Records shown –

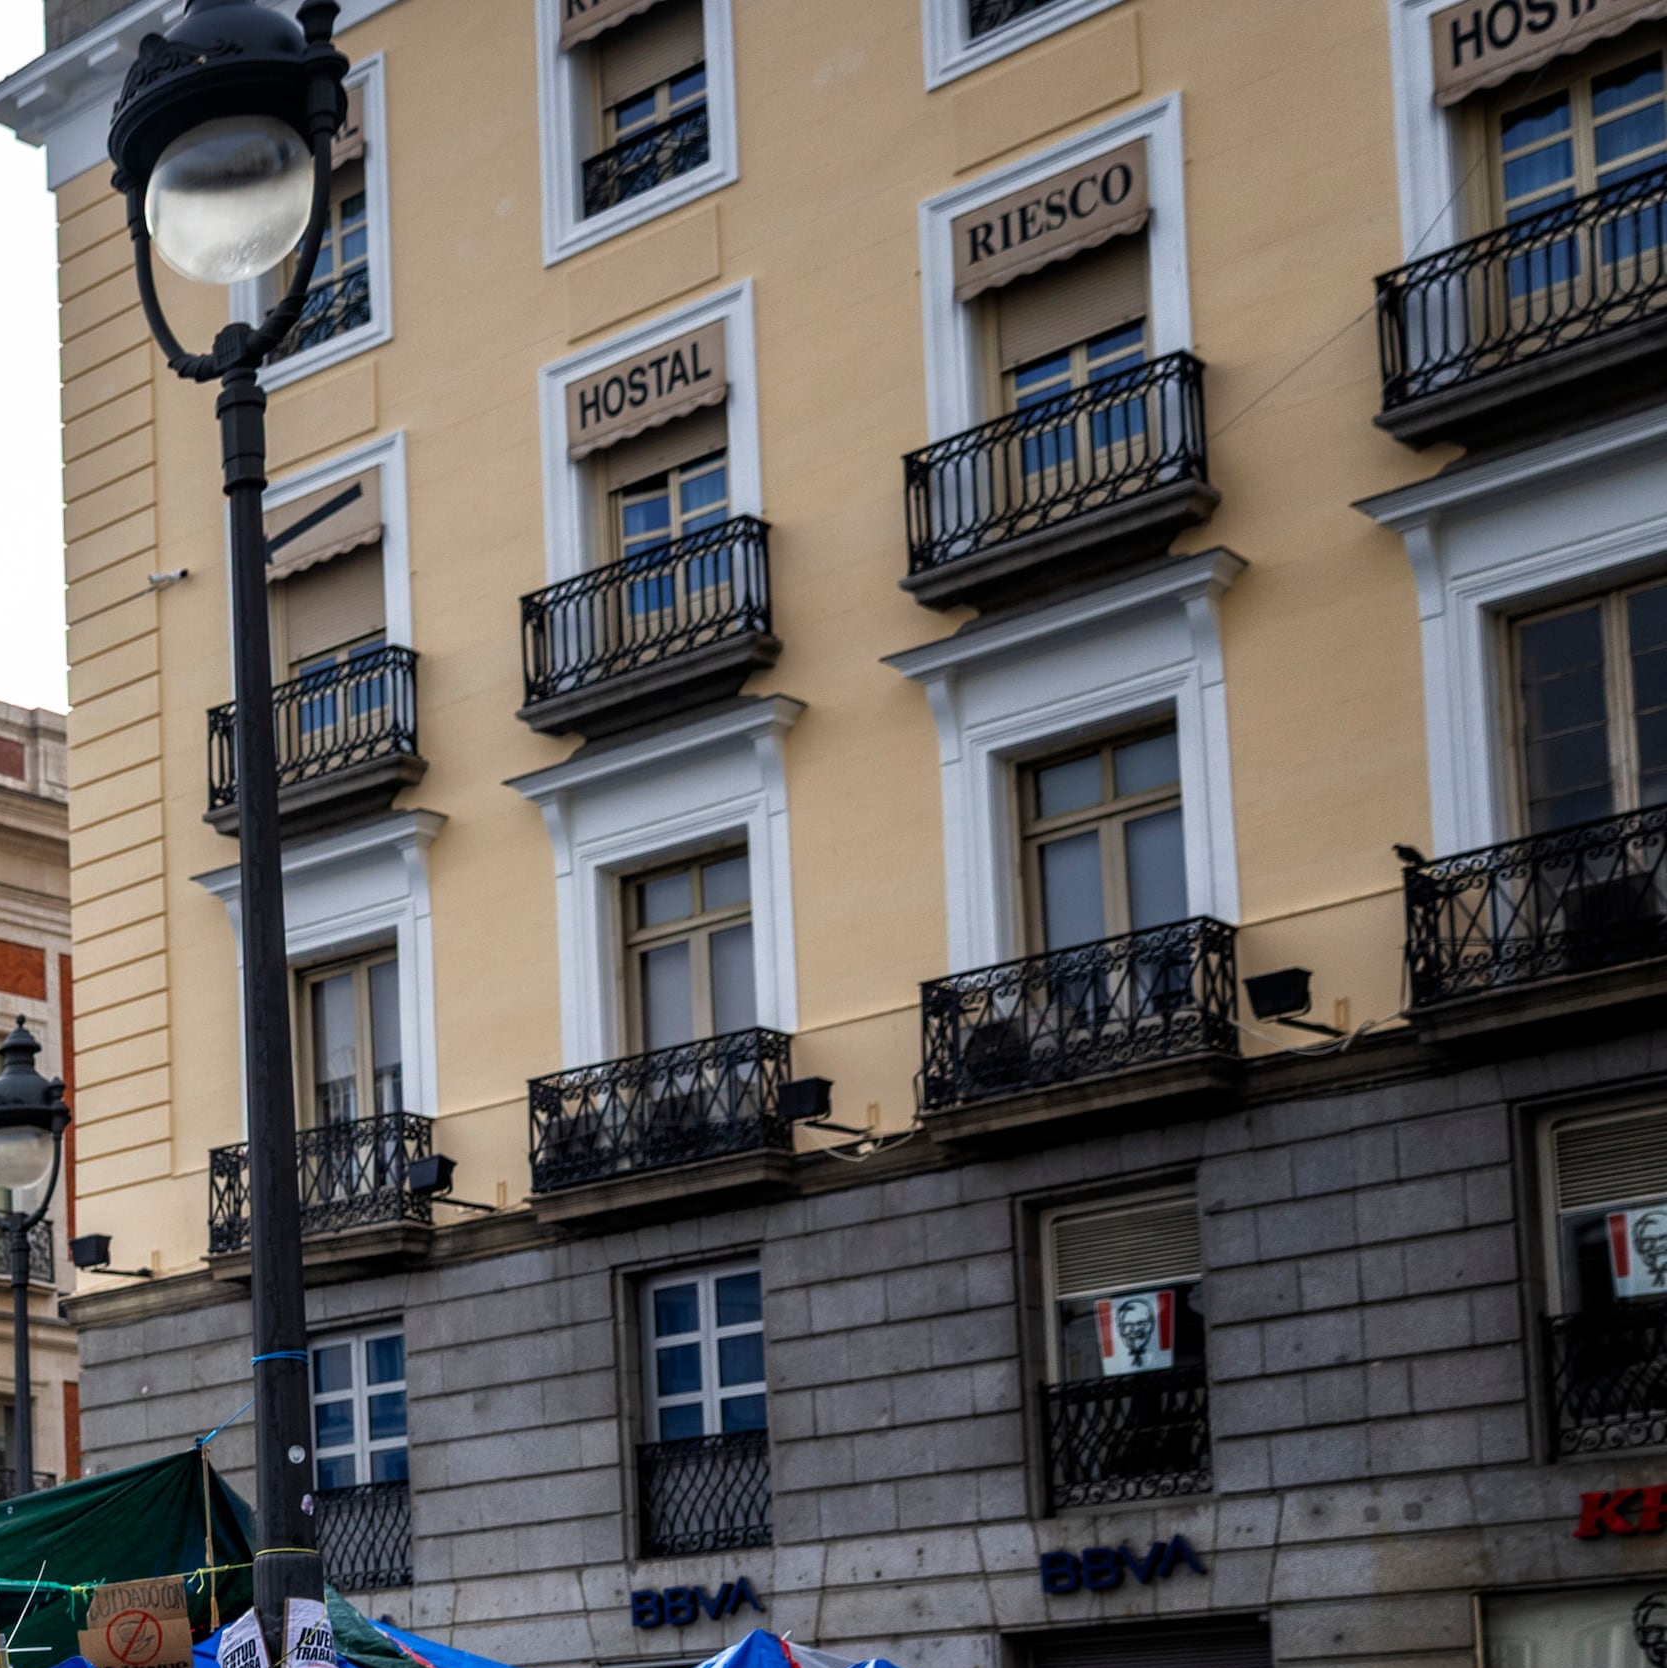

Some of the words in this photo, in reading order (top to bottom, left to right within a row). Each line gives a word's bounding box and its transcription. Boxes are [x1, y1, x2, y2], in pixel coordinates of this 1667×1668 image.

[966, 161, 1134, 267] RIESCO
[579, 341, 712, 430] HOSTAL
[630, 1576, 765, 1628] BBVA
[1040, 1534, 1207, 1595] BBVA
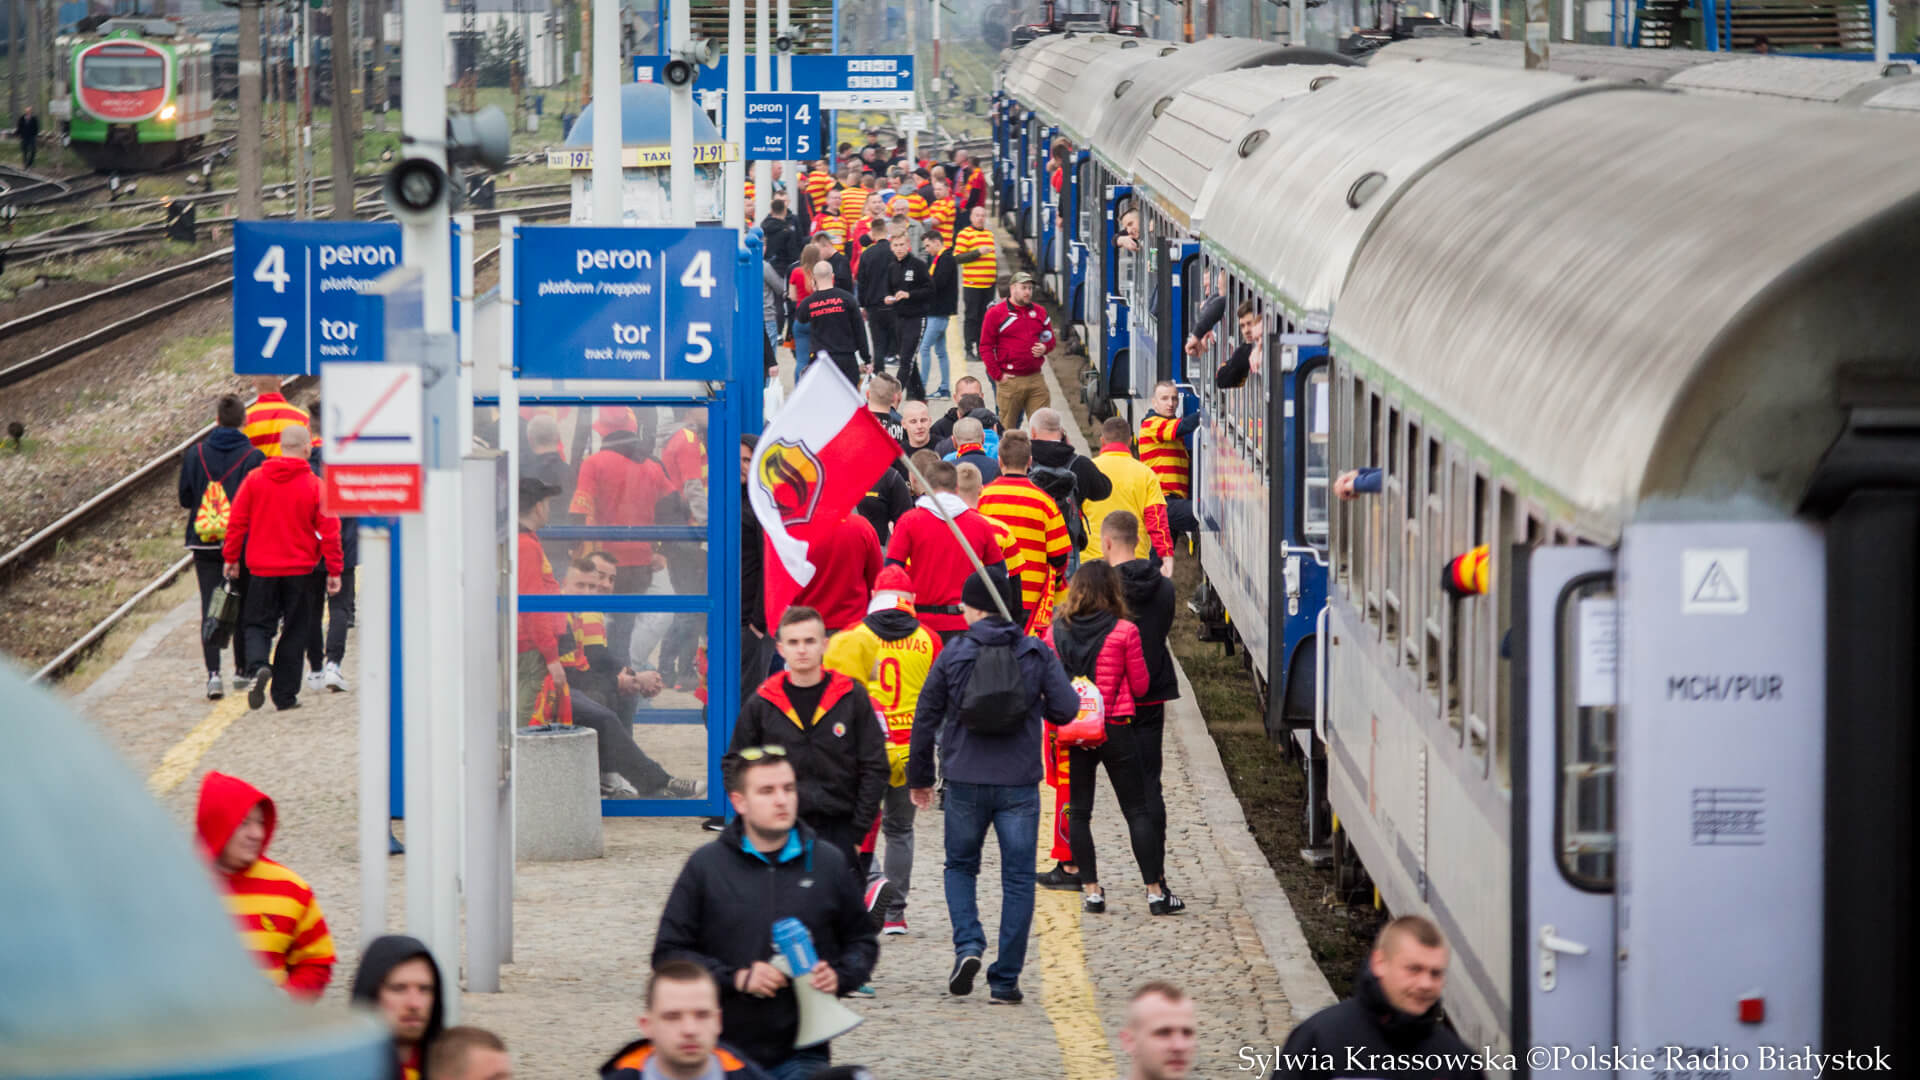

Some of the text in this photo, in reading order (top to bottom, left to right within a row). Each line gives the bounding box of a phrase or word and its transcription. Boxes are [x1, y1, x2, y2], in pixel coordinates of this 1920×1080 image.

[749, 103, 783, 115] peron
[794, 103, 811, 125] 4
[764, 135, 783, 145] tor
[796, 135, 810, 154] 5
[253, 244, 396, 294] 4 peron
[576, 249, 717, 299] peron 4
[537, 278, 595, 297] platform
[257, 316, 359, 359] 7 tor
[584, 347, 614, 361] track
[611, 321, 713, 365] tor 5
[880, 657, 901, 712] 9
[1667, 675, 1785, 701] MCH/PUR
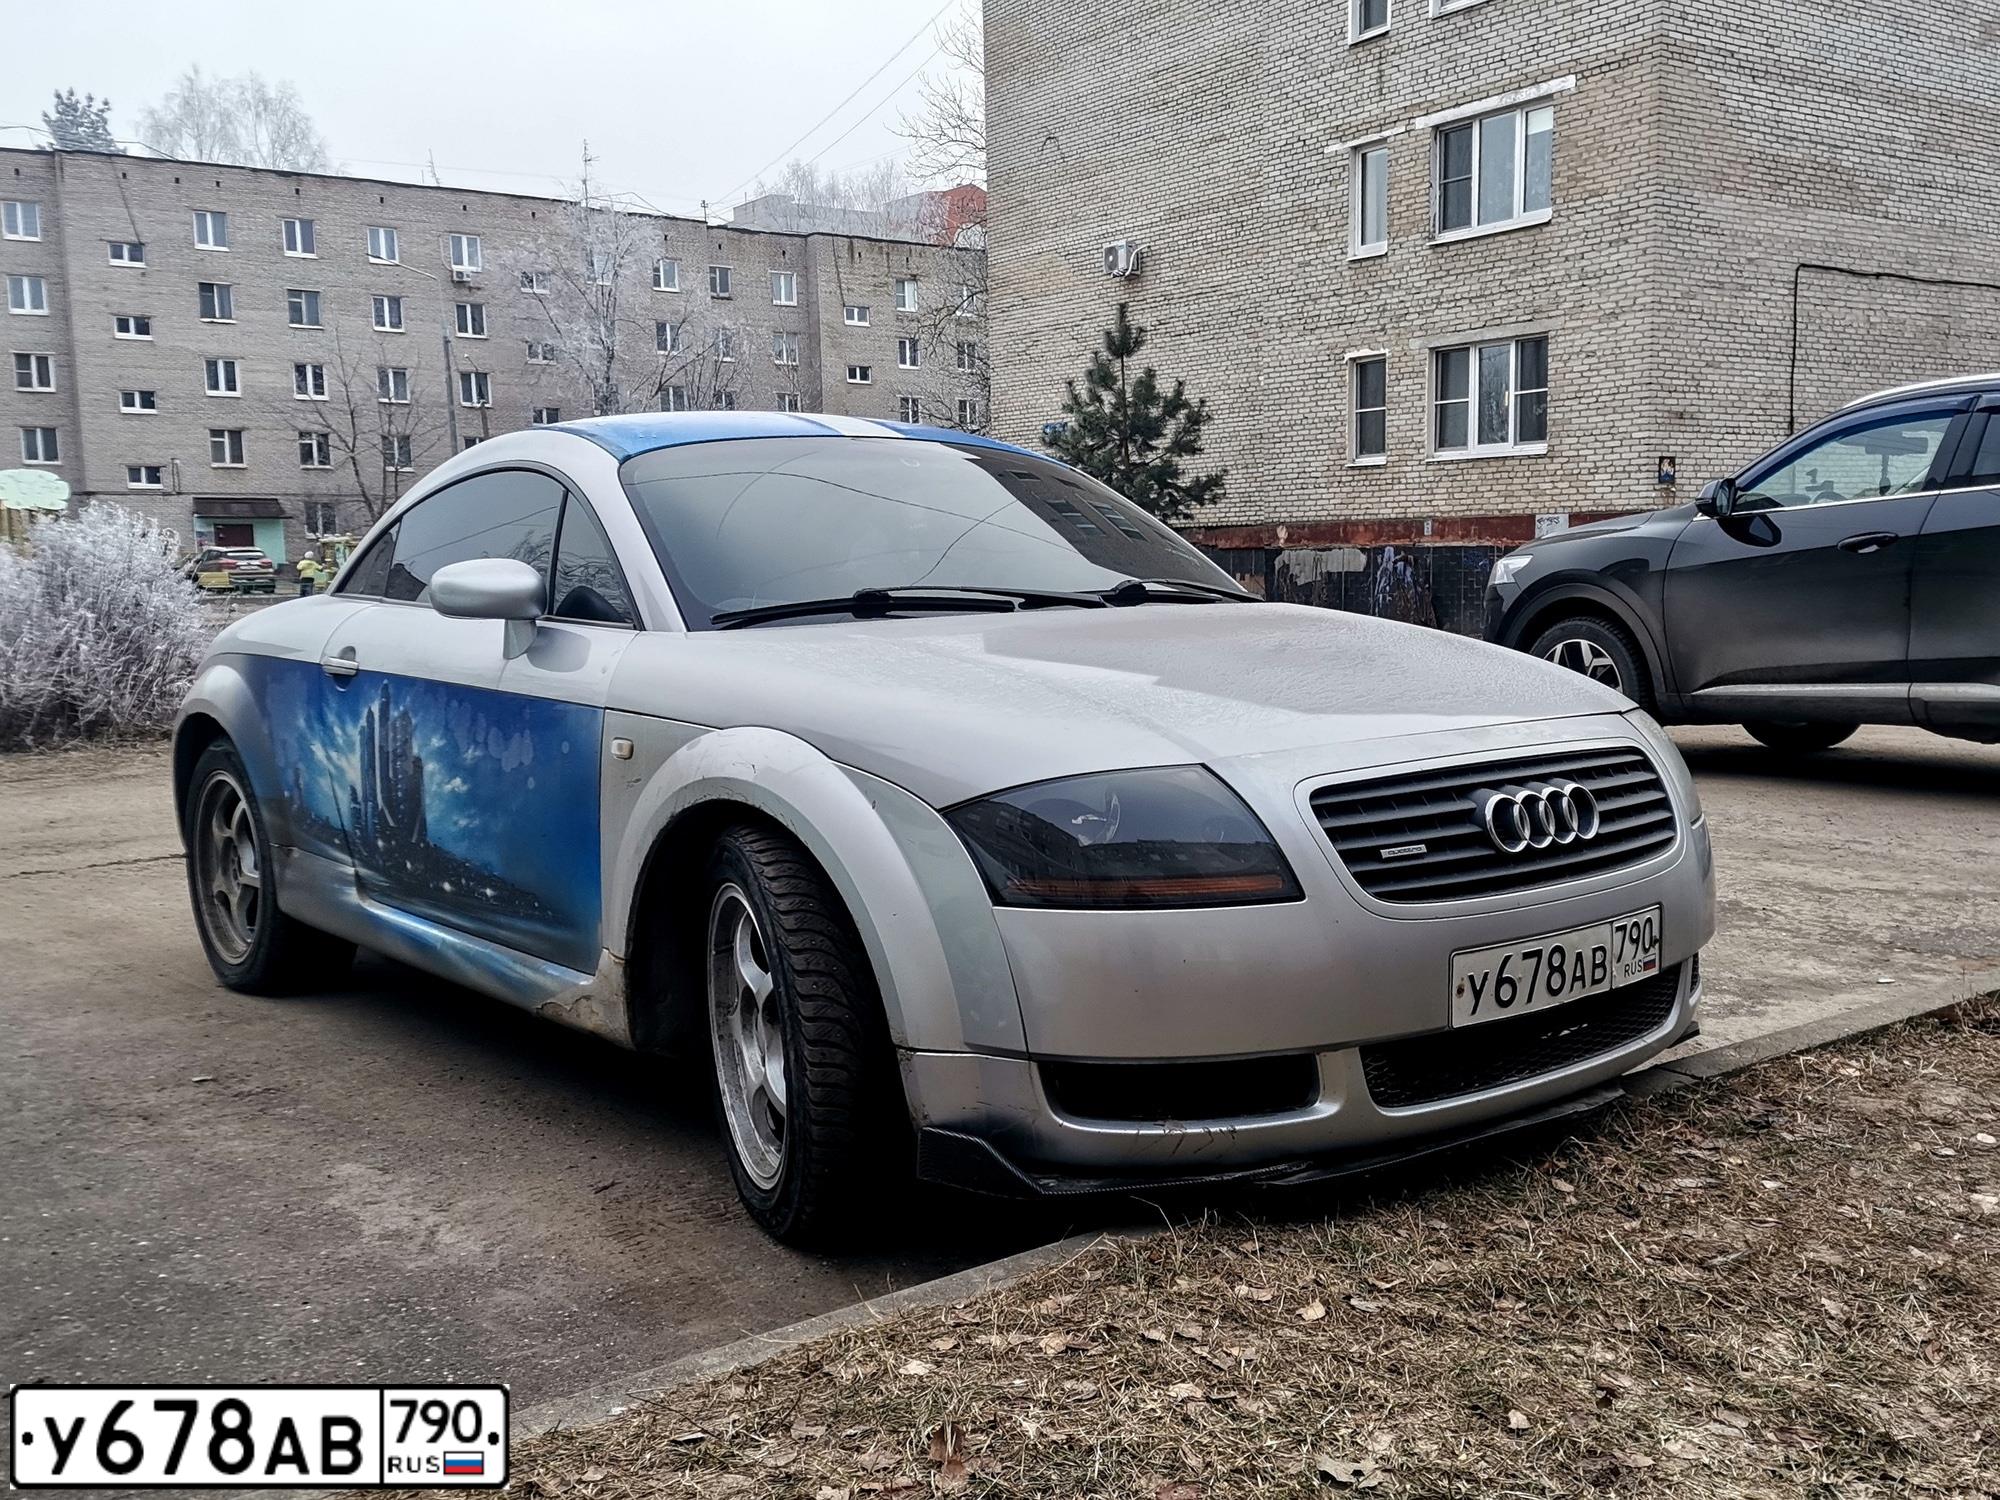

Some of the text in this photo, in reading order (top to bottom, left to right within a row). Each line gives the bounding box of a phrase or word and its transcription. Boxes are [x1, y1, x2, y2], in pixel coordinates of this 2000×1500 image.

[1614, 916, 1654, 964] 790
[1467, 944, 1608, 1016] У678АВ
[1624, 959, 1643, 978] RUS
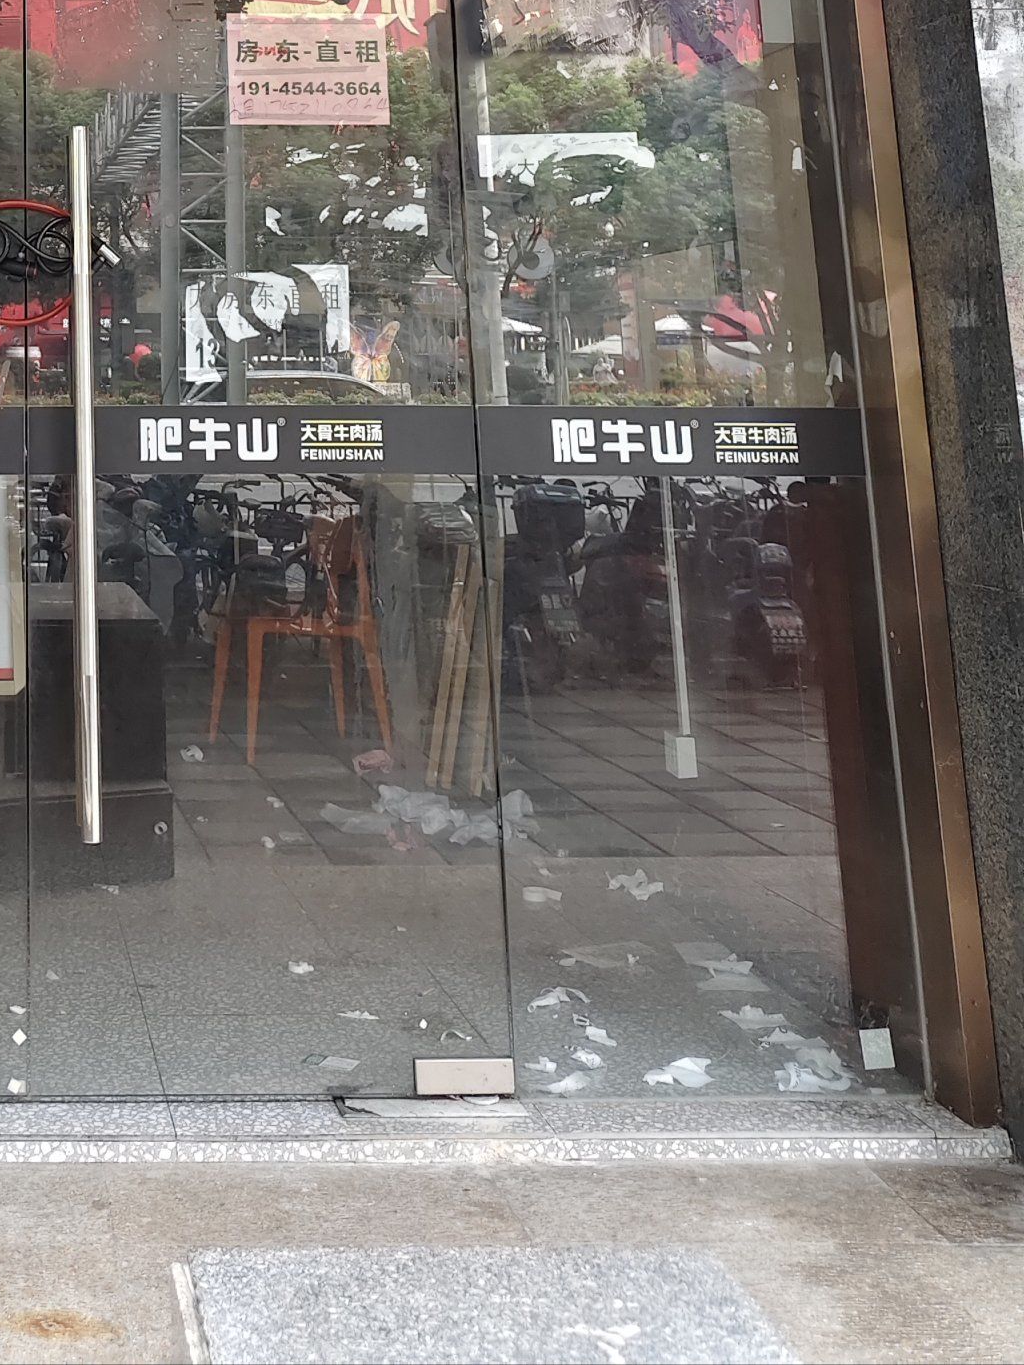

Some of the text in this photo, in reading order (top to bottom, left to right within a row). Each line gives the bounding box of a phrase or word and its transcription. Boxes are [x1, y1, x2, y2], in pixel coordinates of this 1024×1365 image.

Prompt – Letter for letter, reproduce every record above and skip the pictures.

Task output –
Some of the words in this photo, in reading order (top to bottom, left to right within a row). Each line gives a word's bounding box and its transcription. Boxes are [x1, y1, x2, y2], in pixel coordinates of this 1667×1668 image.

[966, 161, 1134, 267] RIESCO
[579, 341, 712, 430] HOSTAL
[630, 1576, 765, 1628] BBVA
[1040, 1534, 1207, 1595] BBVA

Some of the text in this photo, in reading order (top to bottom, left to right within a row). Each line gives the bounding box of a phrase or word and its transcription. Boxes are [x1, y1, x2, y2], in pixel coordinates of this 1920×1080 image.

[749, 103, 783, 115] peron
[794, 103, 811, 125] 4
[764, 135, 783, 145] tor
[796, 135, 810, 154] 5
[253, 244, 396, 294] 4 peron
[576, 249, 717, 299] peron 4
[537, 278, 595, 297] platform
[257, 316, 359, 359] 7 tor
[584, 347, 614, 361] track
[611, 321, 713, 365] tor 5
[880, 657, 901, 712] 9
[1667, 675, 1785, 701] MCH/PUR

Some of the text in this photo, in reading order (top to bottom, left to right within a row). Each line gives the bounding box of a phrase or word and its transcription. Boxes are [x1, y1, x2, y2], in pixel coordinates of this 2000×1500 image.

[1614, 916, 1654, 964] 790
[1467, 944, 1608, 1016] У678АВ
[1624, 959, 1643, 978] RUS

Some of the text in this photo, in reading order (top to bottom, left to right within a row). Each line gives the bounding box of a phrase or word and its transcription. Boxes are [x1, y1, x2, y2], in pixel coordinates of this 1024×1365 image.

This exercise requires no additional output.